- _EXERCISE DESCRIPTION_:
Reproduce the data word for word, keeping every line complete.

(INPUT DATA)

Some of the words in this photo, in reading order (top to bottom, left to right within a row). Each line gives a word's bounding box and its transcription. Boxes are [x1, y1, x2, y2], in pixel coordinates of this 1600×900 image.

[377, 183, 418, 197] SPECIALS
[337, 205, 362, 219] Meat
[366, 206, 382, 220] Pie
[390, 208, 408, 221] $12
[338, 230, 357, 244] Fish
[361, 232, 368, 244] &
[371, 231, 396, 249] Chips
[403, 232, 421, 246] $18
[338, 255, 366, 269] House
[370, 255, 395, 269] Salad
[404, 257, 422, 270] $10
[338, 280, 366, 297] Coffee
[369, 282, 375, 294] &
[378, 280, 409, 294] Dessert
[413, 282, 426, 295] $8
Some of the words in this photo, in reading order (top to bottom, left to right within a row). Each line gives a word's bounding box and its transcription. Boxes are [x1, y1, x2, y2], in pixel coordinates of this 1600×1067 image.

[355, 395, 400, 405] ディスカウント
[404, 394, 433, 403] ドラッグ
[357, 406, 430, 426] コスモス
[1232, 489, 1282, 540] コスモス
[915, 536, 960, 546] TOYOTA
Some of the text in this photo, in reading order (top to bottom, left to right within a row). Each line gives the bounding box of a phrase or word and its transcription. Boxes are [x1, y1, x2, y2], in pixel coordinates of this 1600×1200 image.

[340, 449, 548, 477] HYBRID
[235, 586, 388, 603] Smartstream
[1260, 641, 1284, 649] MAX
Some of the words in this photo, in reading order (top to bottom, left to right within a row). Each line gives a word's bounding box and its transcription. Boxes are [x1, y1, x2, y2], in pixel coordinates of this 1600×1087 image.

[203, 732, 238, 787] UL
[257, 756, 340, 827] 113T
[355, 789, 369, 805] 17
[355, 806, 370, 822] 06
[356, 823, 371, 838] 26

(End INPUT DATA)

- _ANSWER BOX_:
Some of the words in this photo, in reading order (top to bottom, left to right within a row). Each line gives a word's bounding box and its transcription. Boxes are [x1, y1, x2, y2], in pixel coordinates of this 1600×900 image.

[377, 183, 418, 197] SPECIALS
[337, 205, 362, 219] Meat
[366, 206, 382, 220] Pie
[390, 208, 408, 221] $12
[338, 230, 357, 244] Fish
[361, 232, 368, 244] &
[371, 231, 396, 249] Chips
[403, 232, 421, 246] $18
[338, 255, 366, 269] House
[370, 255, 395, 269] Salad
[404, 257, 422, 270] $10
[338, 280, 366, 297] Coffee
[369, 282, 375, 294] &
[378, 280, 409, 294] Dessert
[413, 282, 426, 295] $8
Some of the words in this photo, in reading order (top to bottom, left to right within a row). Each line gives a word's bounding box and its transcription. Boxes are [x1, y1, x2, y2], in pixel coordinates of this 1600×1067 image.

[355, 395, 400, 405] ディスカウント
[404, 394, 433, 403] ドラッグ
[357, 406, 430, 426] コスモス
[1232, 489, 1282, 540] コスモス
[915, 536, 960, 546] TOYOTA
Some of the text in this photo, in reading order (top to bottom, left to right within a row). Each line gives the bounding box of a phrase or word and its transcription. Boxes are [x1, y1, x2, y2], in pixel coordinates of this 1600×1200 image.

[340, 449, 548, 477] HYBRID
[235, 586, 388, 603] Smartstream
[1260, 641, 1284, 649] MAX
Some of the words in this photo, in reading order (top to bottom, left to right within a row). Each line gives a word's bounding box and its transcription. Boxes are [x1, y1, x2, y2], in pixel coordinates of this 1600×1087 image.

[203, 732, 238, 787] UL
[257, 756, 340, 827] 113T
[355, 789, 369, 805] 17
[355, 806, 370, 822] 06
[356, 823, 371, 838] 26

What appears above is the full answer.